Show that $F(G(x))=G(F(x)).$

Question

Let $V$ be a finitely dimensional linear space, and $F:V\rightarrow V$ and $G:V\rightarrow V$ linear transformations that are diagonalizable, that is: there exists a base $\mathbf{e}$ for $V$ such that the matrix to $F$ in the basis $\mathbf{e}$ is diagonal and a base $\mathbf{f}$ for $V$ such that the matrix to $G$ is diagonal.

i) Show that if $F$ and $G$ are simultaneously diagonalizable, that is if $\mathbf{e}=\mathbf{f},$ then it follows that

$$F(G(x))=G(F(x)), \quad \forall x\in V. \tag{1}$$

ii) Show that if $(1)$ holds, then there exists a basis $\mathbf{g}$ (possibly different from both $\mathbf{e}$ and $\mathbf{f}$) such that the matrices to both $F$ and $G$ in the basis $\mathbf{g}$ are diagonal.

Okay, I usually post good questions where I've done my own work before asking for help.
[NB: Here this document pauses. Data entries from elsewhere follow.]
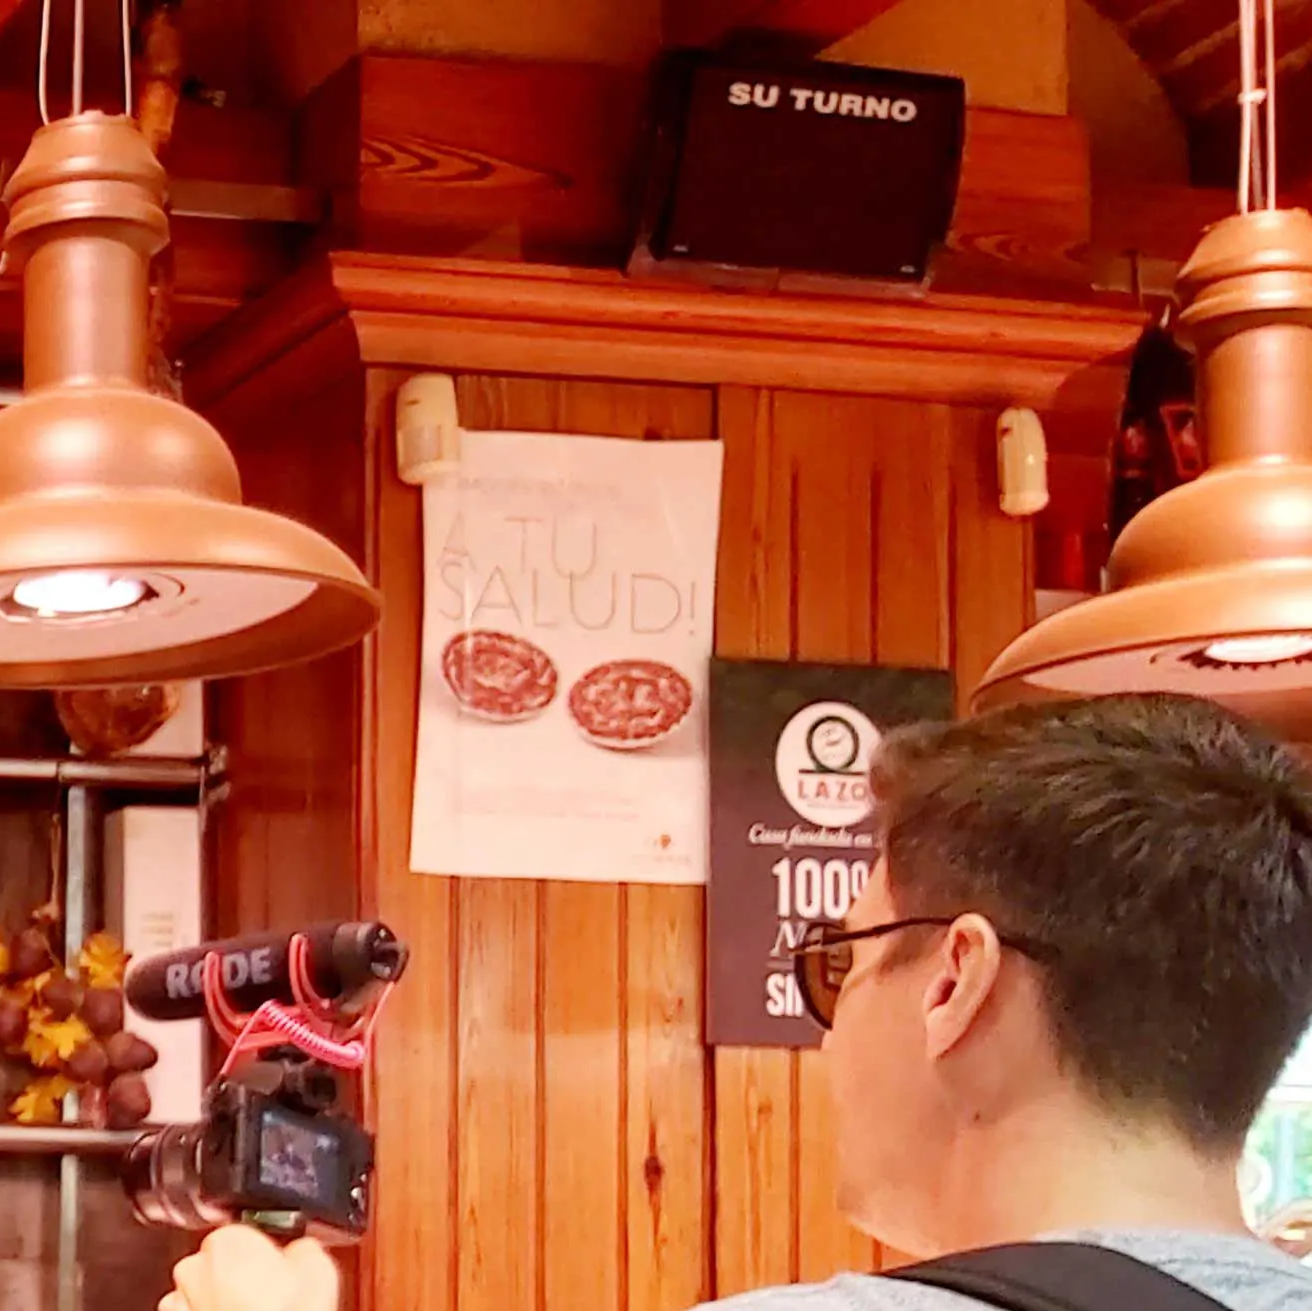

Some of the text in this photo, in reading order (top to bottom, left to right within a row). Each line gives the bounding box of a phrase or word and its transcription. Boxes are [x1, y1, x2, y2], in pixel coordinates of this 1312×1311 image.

[727, 82, 918, 123] SU TURNO
[437, 510, 598, 581] A TU
[438, 563, 698, 637] SALUD!
[797, 779, 868, 802] LAZO
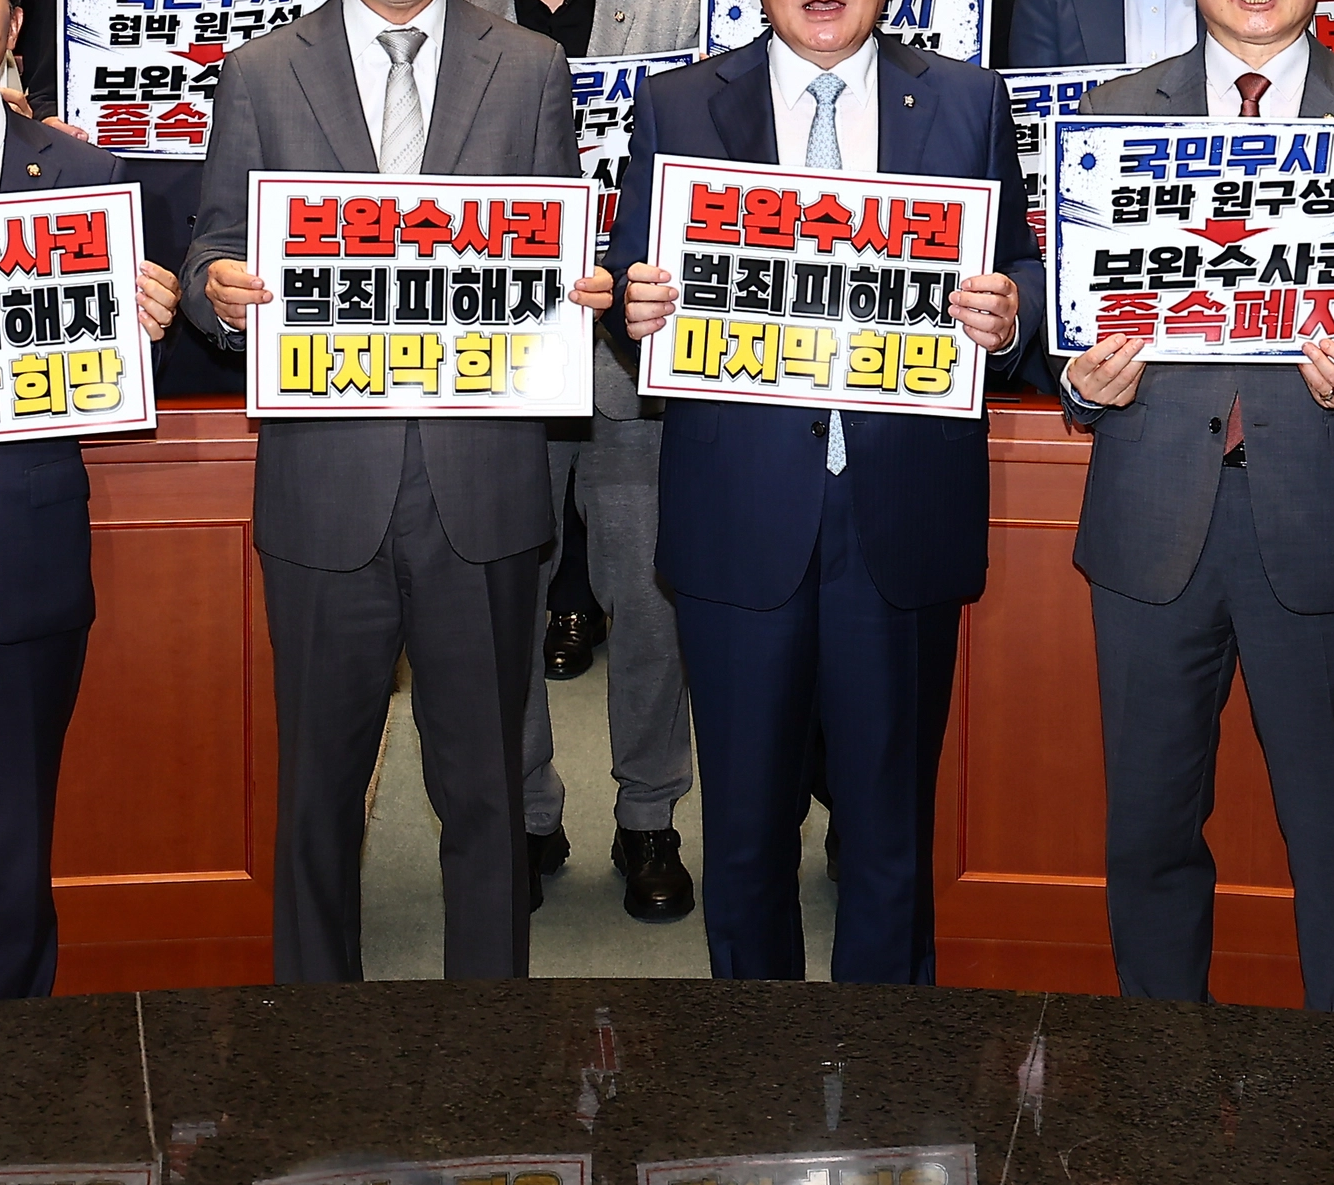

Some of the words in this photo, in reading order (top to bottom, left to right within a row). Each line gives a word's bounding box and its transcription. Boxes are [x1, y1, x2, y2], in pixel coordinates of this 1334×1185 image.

[108, 12, 180, 46] 협박
[96, 102, 207, 146] 졸속
[1120, 132, 1331, 179] 국민무시
[282, 196, 564, 260] 보완수사권
[684, 181, 964, 264] 보완수사권
[1111, 184, 1196, 224] 협박
[10, 347, 125, 418] 희망
[278, 332, 446, 397] 마지막
[670, 316, 839, 389] 마지막
[844, 328, 959, 397] 희망
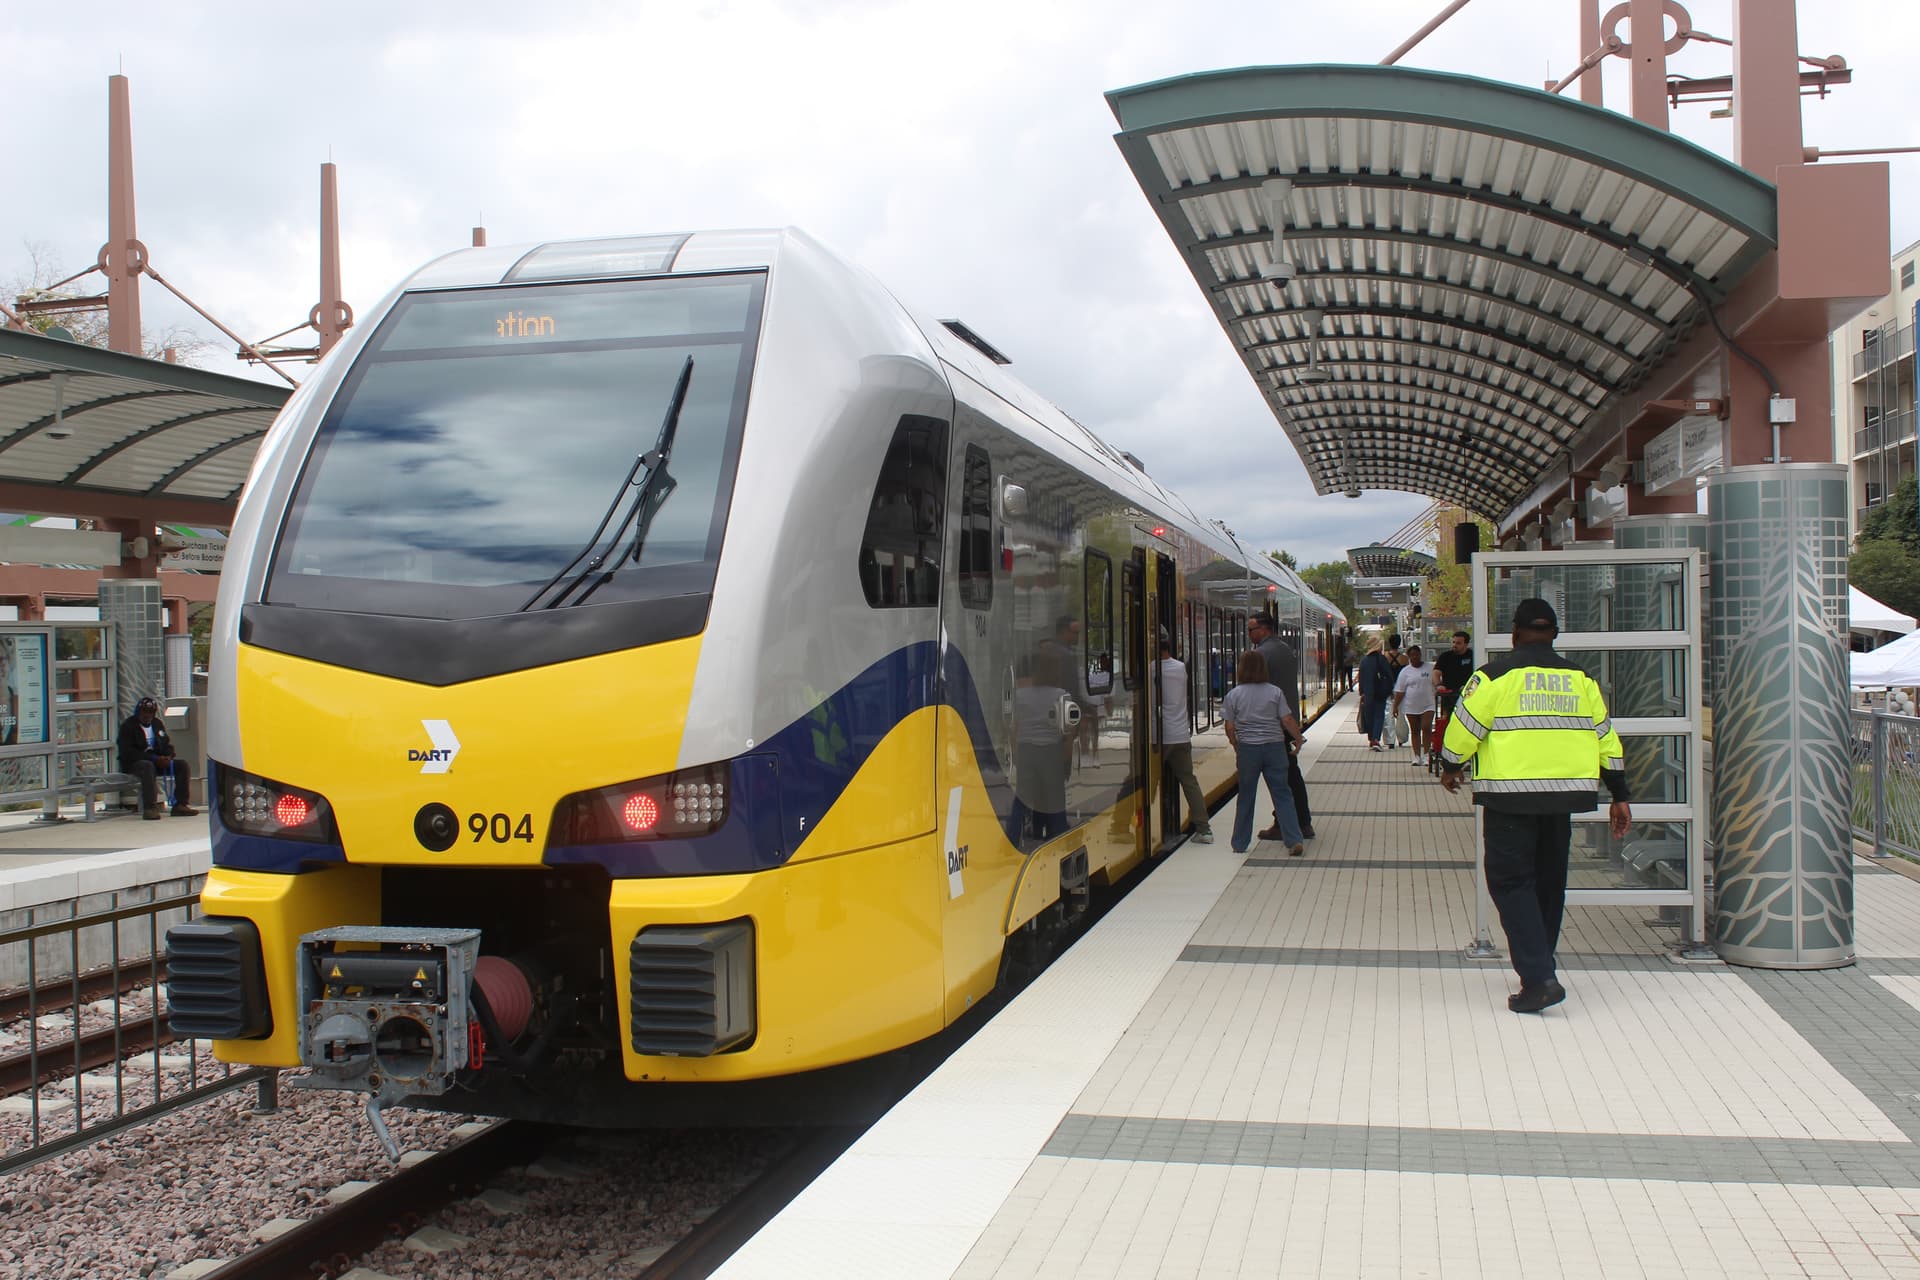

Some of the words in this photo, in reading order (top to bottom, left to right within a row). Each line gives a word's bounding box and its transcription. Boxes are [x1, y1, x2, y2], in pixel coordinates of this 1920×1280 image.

[181, 551, 201, 561] Before
[1525, 672, 1573, 692] FARE
[1519, 694, 1580, 712] ENFORCEMENT
[408, 749, 452, 761] DART
[468, 812, 534, 844] 904
[799, 816, 806, 831] F
[948, 844, 969, 876] DART
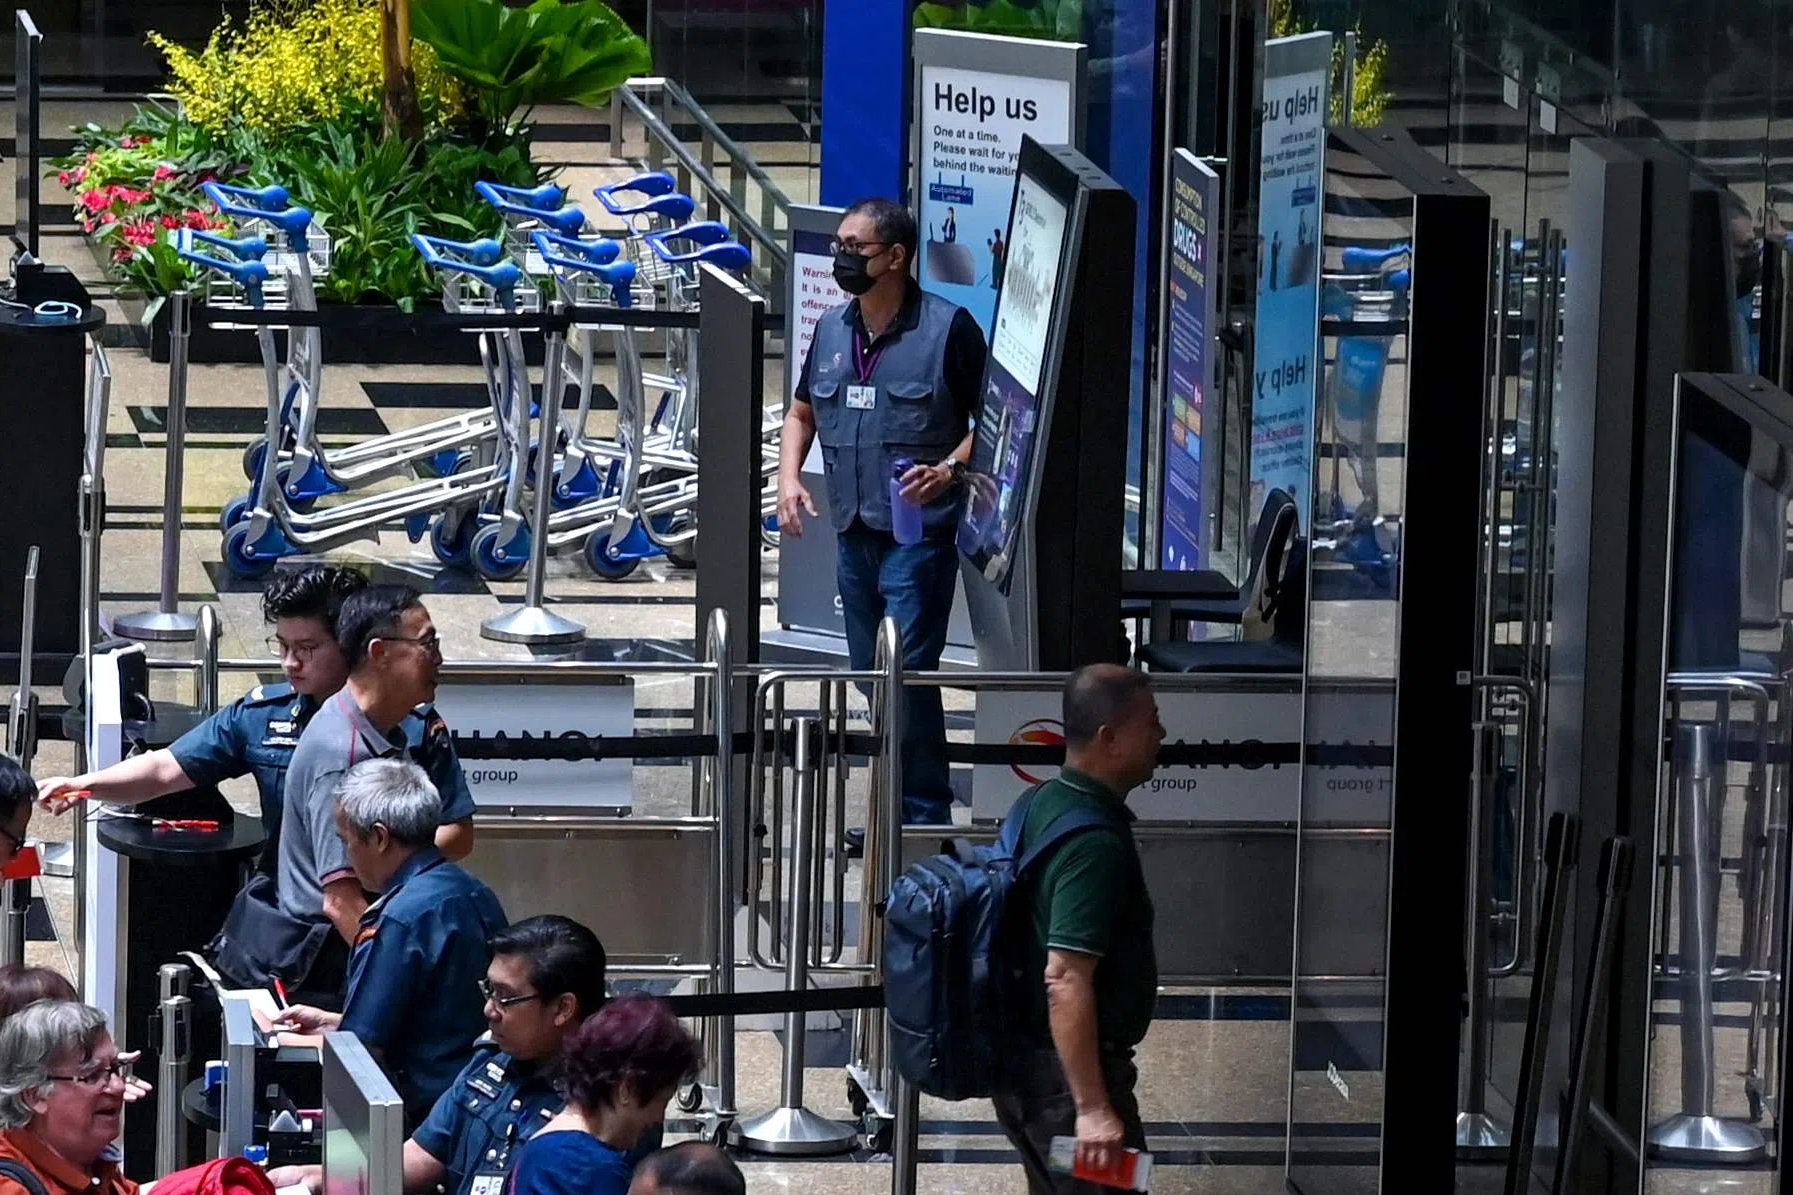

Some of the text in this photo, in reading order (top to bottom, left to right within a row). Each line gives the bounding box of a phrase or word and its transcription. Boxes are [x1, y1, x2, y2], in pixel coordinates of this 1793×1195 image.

[934, 82, 1038, 123] Help us
[933, 125, 1001, 143] One at a time.
[933, 141, 966, 155] Please
[969, 146, 989, 158] wait
[992, 147, 1006, 160] for
[933, 157, 967, 172] behind
[969, 161, 985, 173] the
[1173, 217, 1197, 263] DRUGS
[813, 283, 821, 294] is
[472, 769, 518, 784] group
[1151, 777, 1197, 793] group
But this one has thrown me away. I seriously don't even know how to begin or what I should proove.

This is no homework or assignment, I'm just doing practice problems for my exam at the end of this month. Any tips/tricks/translation of the problem statement is welcome!

Answer 1

For 1, if $e\in\mathbf e$, we have $Fe=\alpha_e e$, $Ge=\beta_e e$ for some coefficients $\alpha_e,\beta_e$. Then $$ FGe=\beta_e Fe=\alpha_e\beta_e e=\alpha_e Ge=GFe. $$ So $FG$ and $GF$ agree on all elements of a basis, and thus are equal.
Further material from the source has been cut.